Eine Ahnung, ihr Name könne in diesem Zusammenhang gleich vor ihren Augen auftauchen, jagt ihr den Herzschlag hoch, und unter der dünnen Haut ihres Handgelenks sieht sie es heftig pulsieren. Wie eine Übelkeit, die sich nicht länger unterdrücken lässt, windet sich die uneingestandene Befürchtung, sie könne die Ursache für das Auseinanderbrechen dieser Verbindung gewesen sein, durch ihren Leib bis in ihr Bewusstsein. Käthe wirft einen raschen Blick zur Tür, aber da ist niemand, der ihr verwehren könnte, sich über Schuld oder Unschuld endgültig Klarheit zu verschaffen.

Von Anfang an war sie dagegen gewesen, diese Verlobung wie ein rauschendes Fest zu begehen, mit Tanz und Musik, die durch alle Ritzen nach draußen dringen bis vor die Ohren der Nachbarn, sodass alle Welt Bescheid weiß. Als nach geraumer Zeit keine Hochzeit folgte, hatten die Nachfragen angefangen, und natürlich fragte man nicht Trude, sondern sie. Gab es etwas Unangenehmeres?

»Gründe?«, hatte Käthe sich rauszureden versucht. »Welche Gründe mag es für eine Entlobung schon geben? Man kann ja nicht in den Kopf der Kinder sehen.«

Zögernd entfaltet sie jetzt das Blatt und liest mit angehaltenem Atem:

Liebste Trude, immer wieder stelle ich mir die Frage, was ich wohl verbrochen habe, dass Du so zu mir bist.

Den Vorwurf Deiner Mutter, in Dir die gefunden zu haben, die ich nur knebeln, kommandieren und befehlen wollte, die ich nur hätte, um an Dir meinen Mut auszulassen, den ich durch mein Schweigenmüssen in meinem Elternhaus aufgespeichert hätte, erkenne ich nicht an.

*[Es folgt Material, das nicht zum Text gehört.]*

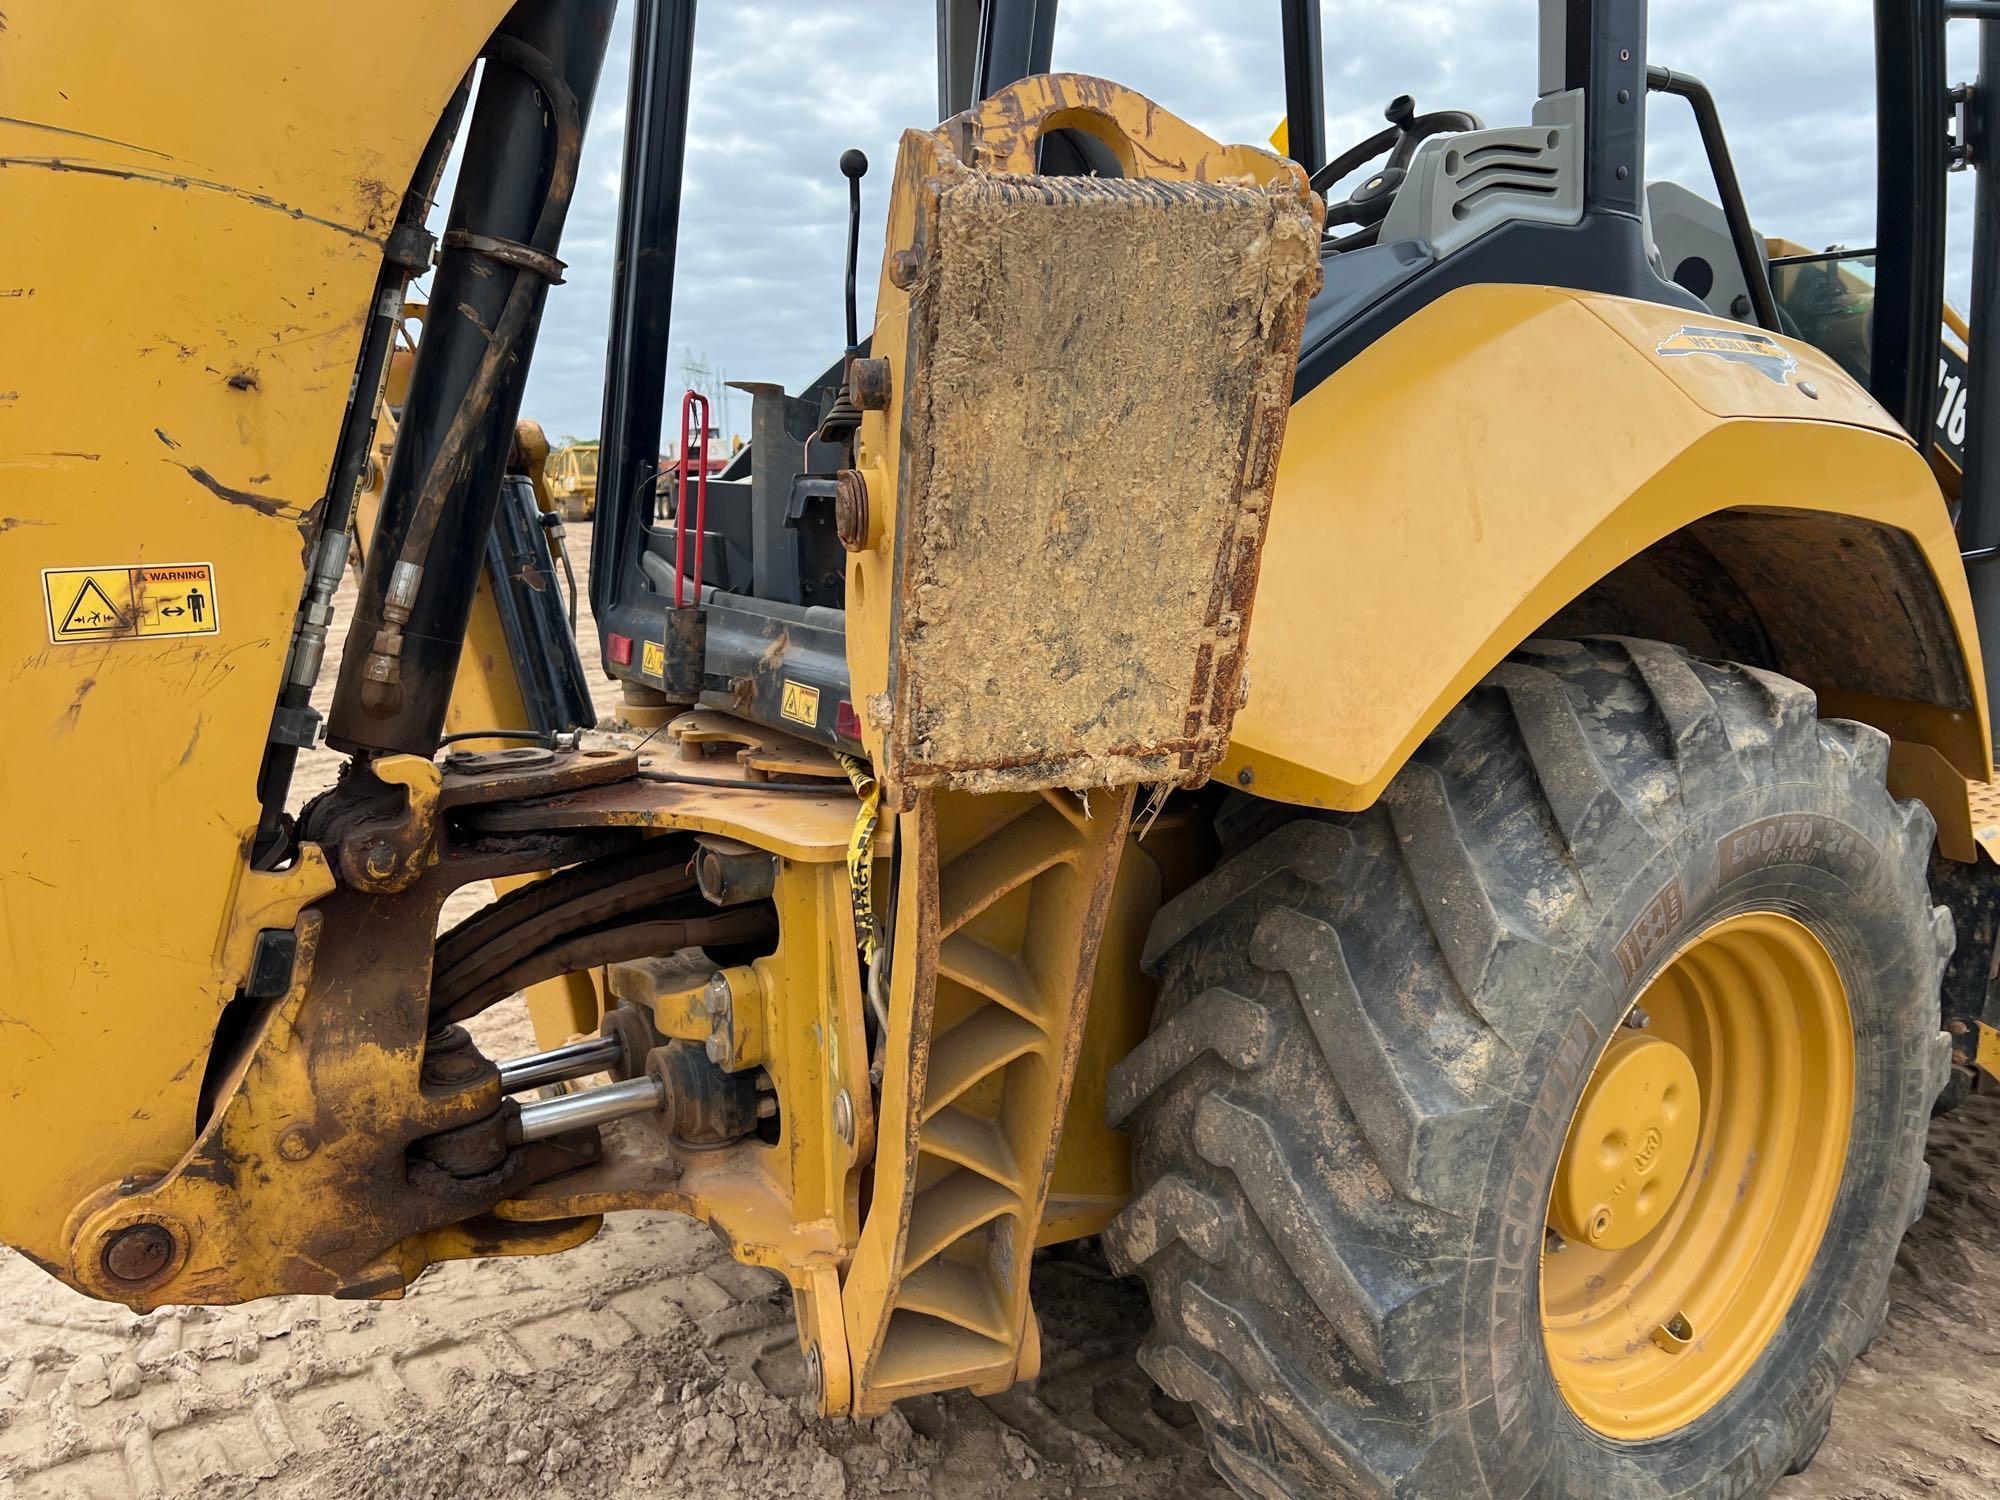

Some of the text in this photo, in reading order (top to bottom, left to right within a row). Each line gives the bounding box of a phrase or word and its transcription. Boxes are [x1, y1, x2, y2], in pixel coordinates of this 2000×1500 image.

[1687, 336, 1715, 349] WE
[1712, 339, 1749, 352] BUILD
[150, 570, 205, 581] WARNING
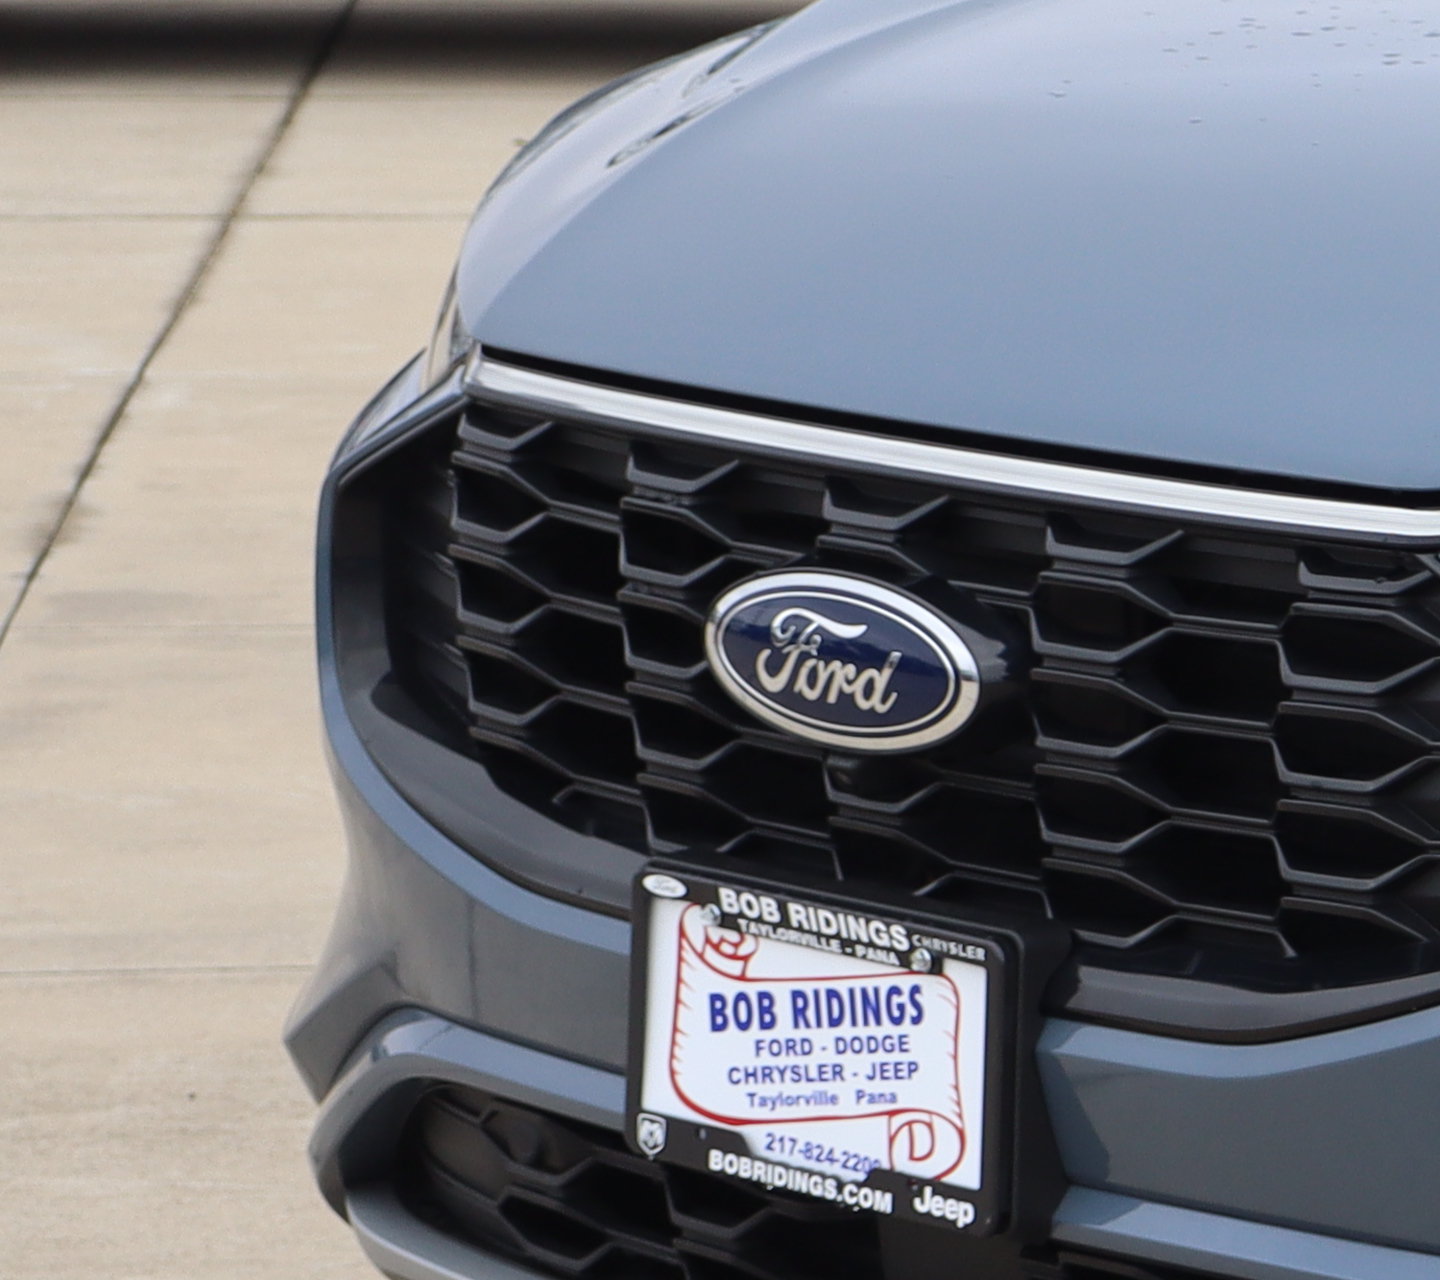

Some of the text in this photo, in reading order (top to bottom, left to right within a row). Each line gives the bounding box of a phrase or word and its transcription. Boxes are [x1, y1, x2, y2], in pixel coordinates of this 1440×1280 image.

[755, 606, 903, 714] Ford
[717, 886, 911, 953] BOB RIDINGS
[737, 917, 843, 954] TAYLORVILLE
[856, 946, 901, 967] PANA
[911, 933, 987, 962] CHRYSLER
[708, 984, 925, 1033] BOB RIDINGS
[755, 1037, 813, 1058] FORD
[834, 1035, 910, 1056] DODGE
[728, 1063, 845, 1085] CHRYSLER
[866, 1061, 919, 1081] JEEP
[746, 1089, 898, 1111] Taylorville Pana
[709, 1148, 893, 1214] BOBRIDINGS.COM
[913, 1185, 976, 1229] Jeep

Eine Hitzewelle, heißer als alle in den zurückliegenden schwierigen Wechseljahren, steigt ihr in den Kopf, umgehend bahnt sich ein dünnes Rinnsal seinen Weg zwischen ihren Schulterblättern und dem festsitzenden Korsett den ganzen Rücken herunter. Diese Mutter ist sie. Sollte sie das wahrhaftig gesagt haben? Welcher Teufel hatte sie geritten? Gab es einen handfesten Vorfall, der sie so hatte reden lassen? Jeder anderen Frau hätte sie vorgeworfen, dass sich solche verleumderischen Worte mit allgemein-mütterlicher Sorge ja wohl kaum entschuldigen lassen. Woher sollte sie überhaupt die Einsichten in die Verhältnisse im Hause Dunkel bekommen haben, um sie derart beurteilen, schlimmer noch, verurteilen zu können? Hat sie sich da einfach was zusammenfantasiert? Ist es am Ende gar nicht darum gegangen, ob dieser Rudi der Richtige war, sondern vielmehr darum, dass sie ausgerechnet diese Tochter, ihr sanftes, fröhliches Trudchen mit der kugelrunden Nase im lieben Gesicht, nicht hergeben wollte?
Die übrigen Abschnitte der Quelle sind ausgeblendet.